D’un coup de baguette, Mathias mit le feu aux bûchers. Tous les trois restèrent dans un silence religieux durant de longues minutes alors que les flammes dévoraient les corps, les réduisant en poussières.

Philippe observa Mathias, il n’eut aucune parole cérémonielle, se contentant de regarder le feu faire son office. Le corbeau se posa sur son épaule sans que cela ne le perturbe. Lui aussi garda le silence.

— Comment comptez-vous emmener Rose ? demanda-t-il. Estremer est loin d’ici.
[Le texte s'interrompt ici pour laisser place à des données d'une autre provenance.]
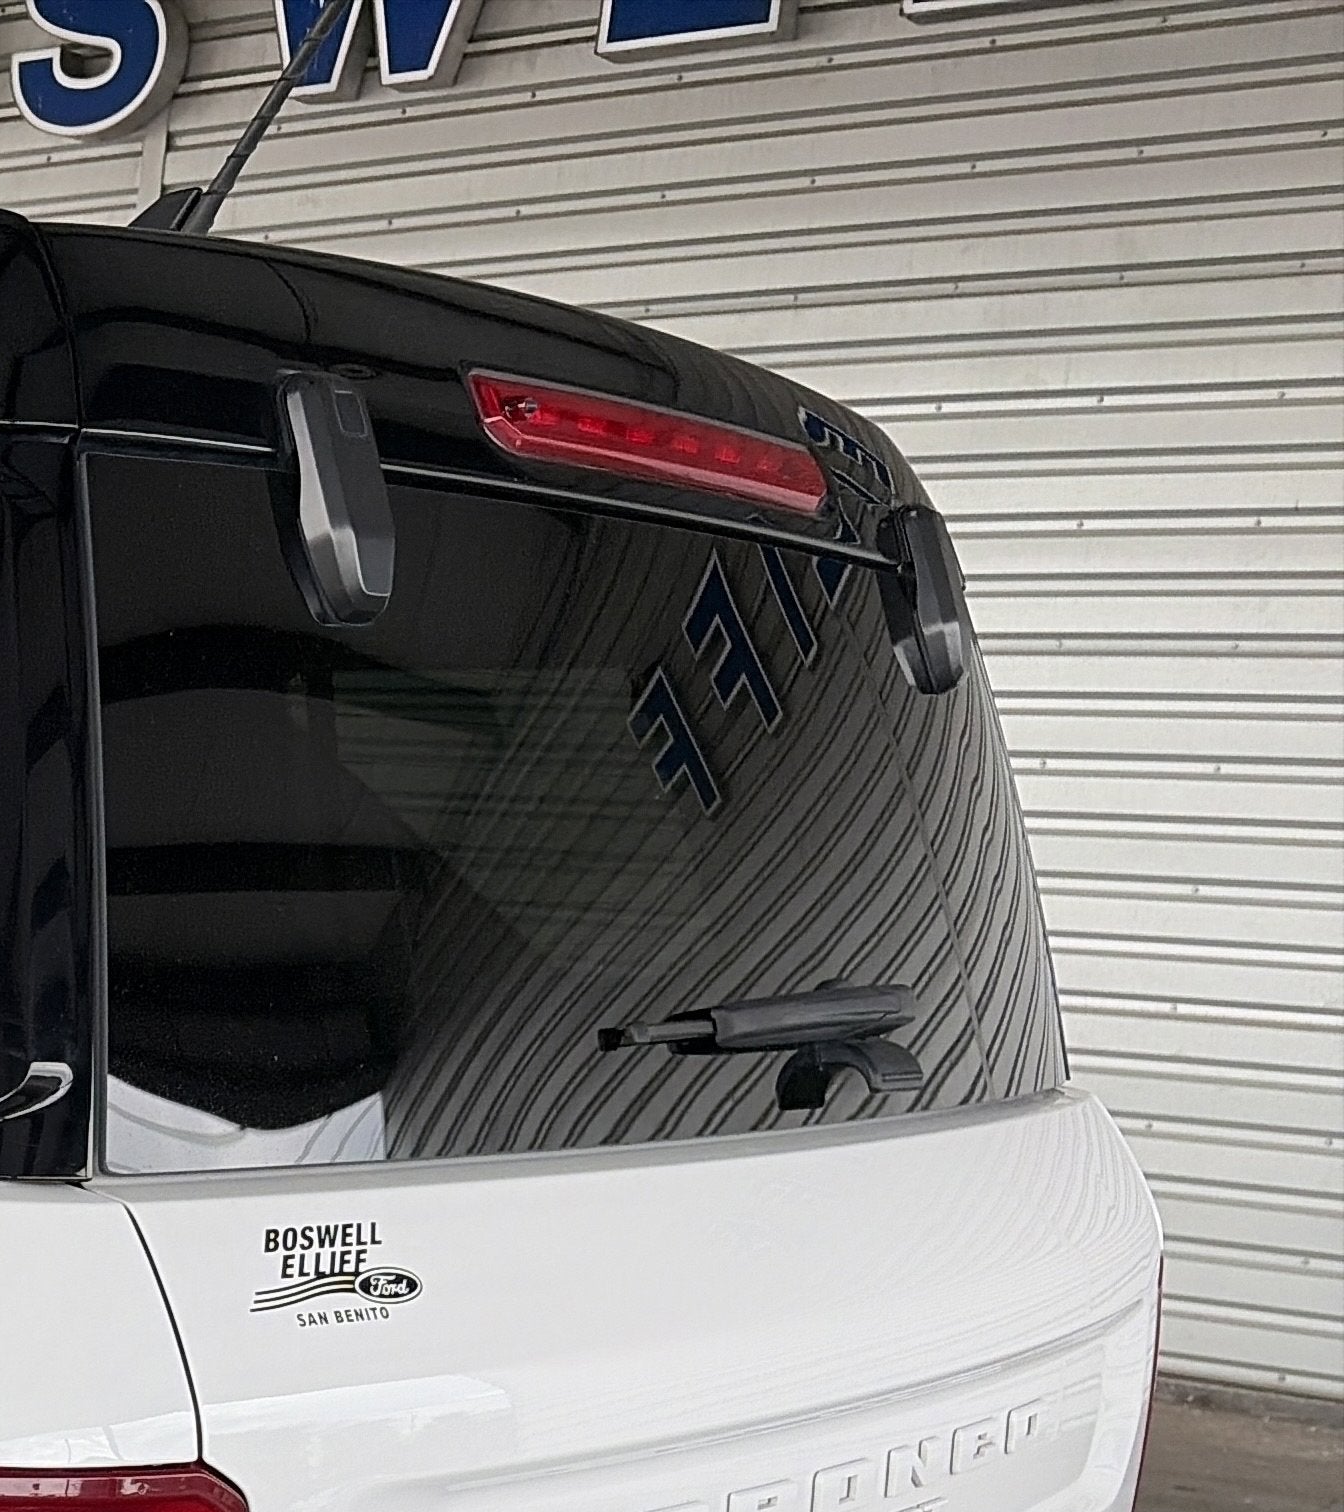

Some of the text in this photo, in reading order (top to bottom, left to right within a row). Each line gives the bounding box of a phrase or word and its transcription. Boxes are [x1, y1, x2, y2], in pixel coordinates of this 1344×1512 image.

[264, 1222, 382, 1253] BOSWELL
[296, 1306, 390, 1327] SAN BENITO
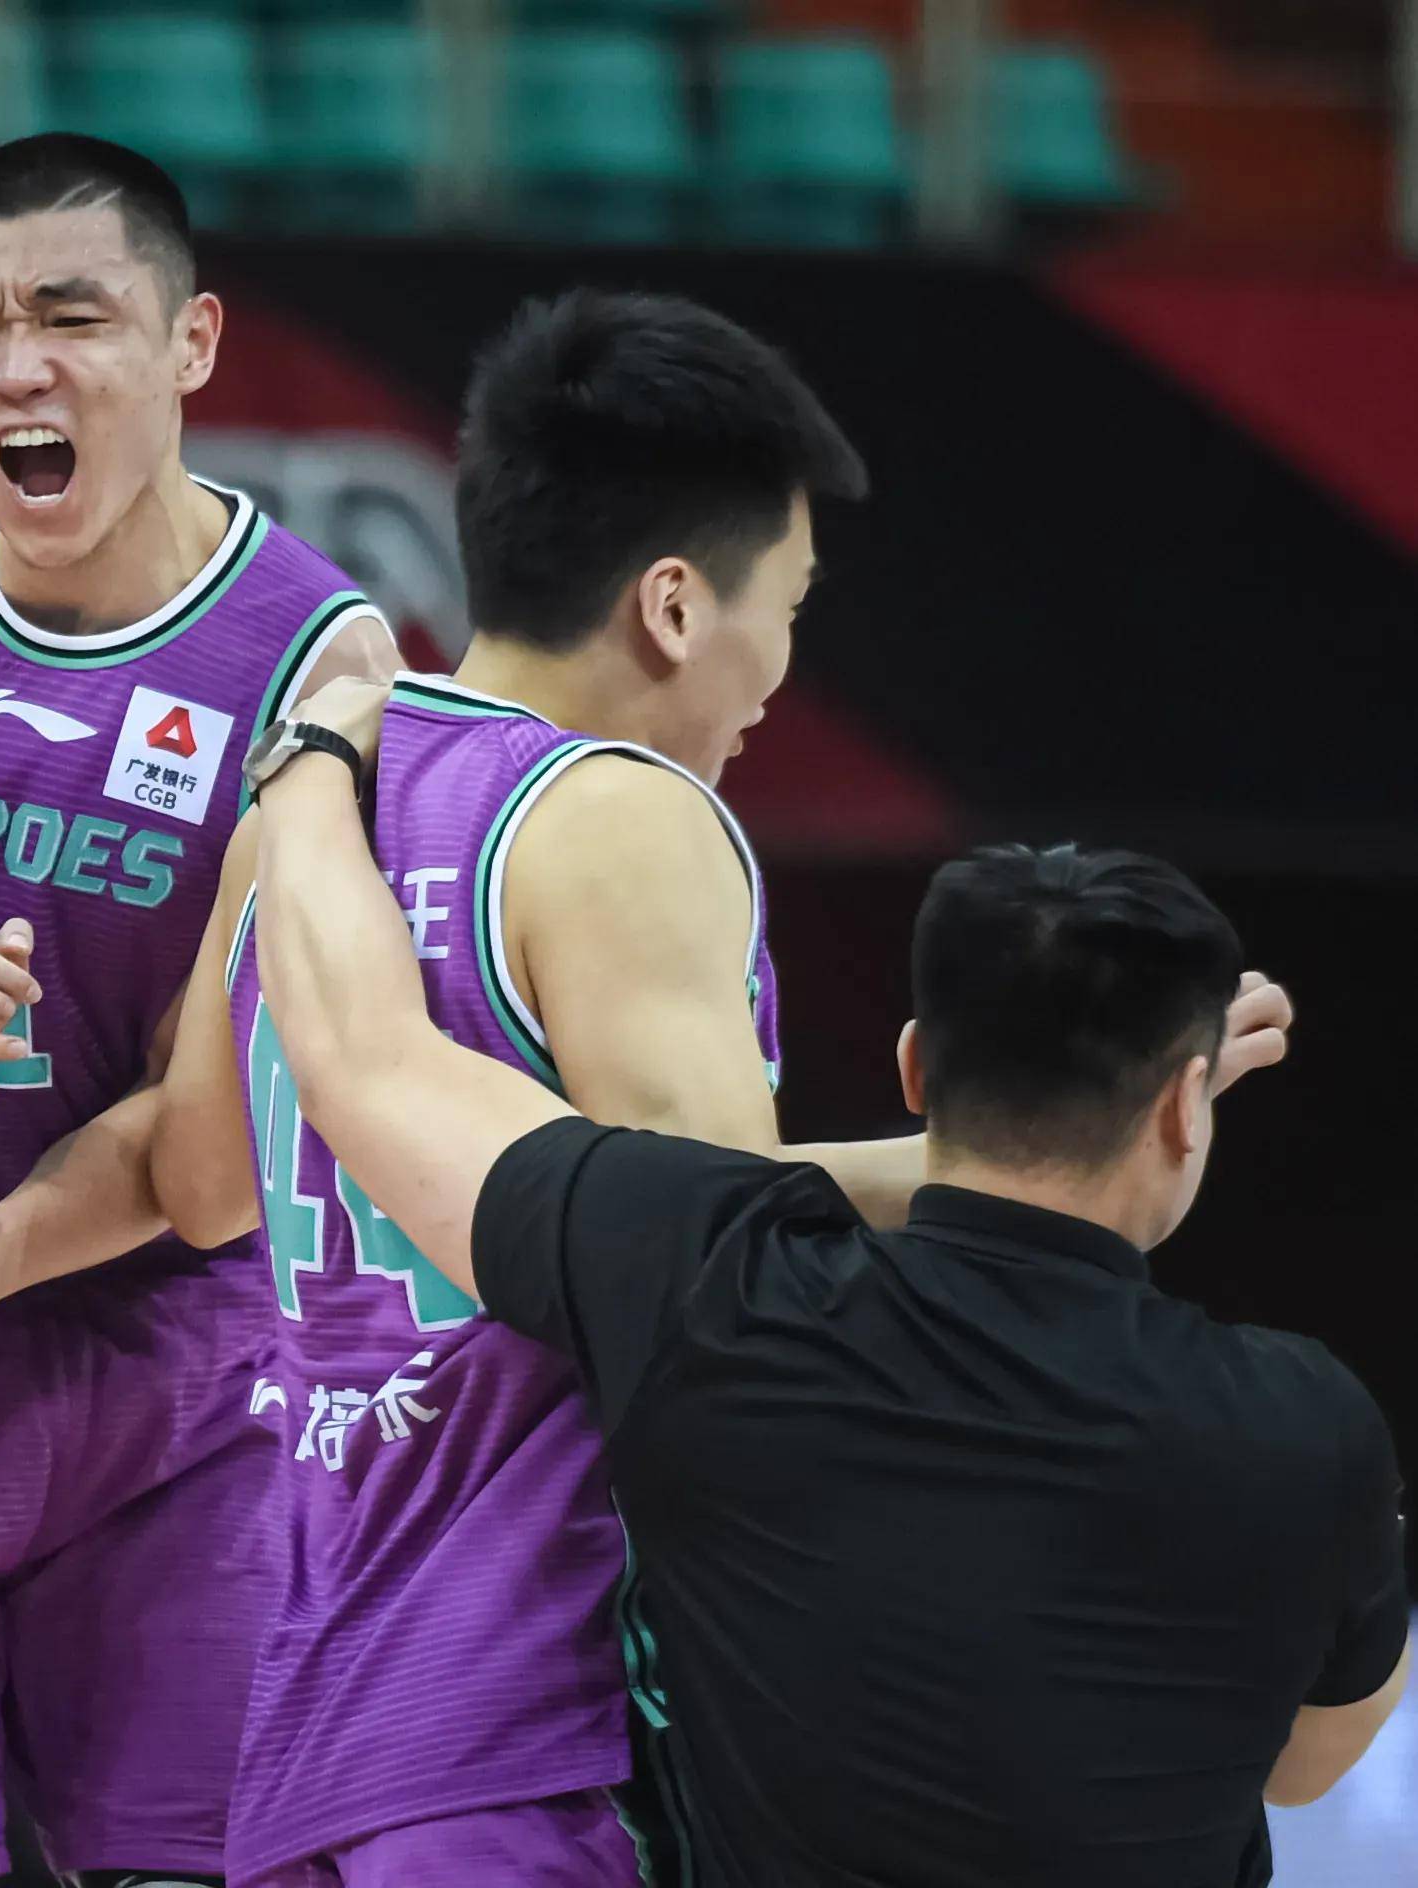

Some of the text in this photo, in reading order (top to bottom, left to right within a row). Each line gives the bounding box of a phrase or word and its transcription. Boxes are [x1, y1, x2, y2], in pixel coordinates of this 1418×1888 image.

[125, 758, 198, 794] 广发银行
[134, 783, 177, 810] CGB
[248, 1350, 442, 1472] 培东
— Nous allons transplaner, répondit Philippe.

— Bien, quand vous serez partis, je vais dresser des protections autour de ce lieu, pour le protéger des animaux et autres. Moi seul pourra les retirer donc ne revenez pas. Je viendrai chercher Rose le moment venu. Prenez soin d’elle.

— Je vous jure que nous veillerons sur elle comme si elle faisait partie de la famille.

Mathias vint dire quelques mots à Rose avant de la guider jusqu’à Philippe. Tenant le bras de la jeune femme d’un côté et la bride de son cheval de l’autre, il transplana, réapparaissant dans une petite cour protégée par de hauts murs.



[1] Épée d’origine écossaise autorisant des coups plus violents de taille qu’avec une rapière.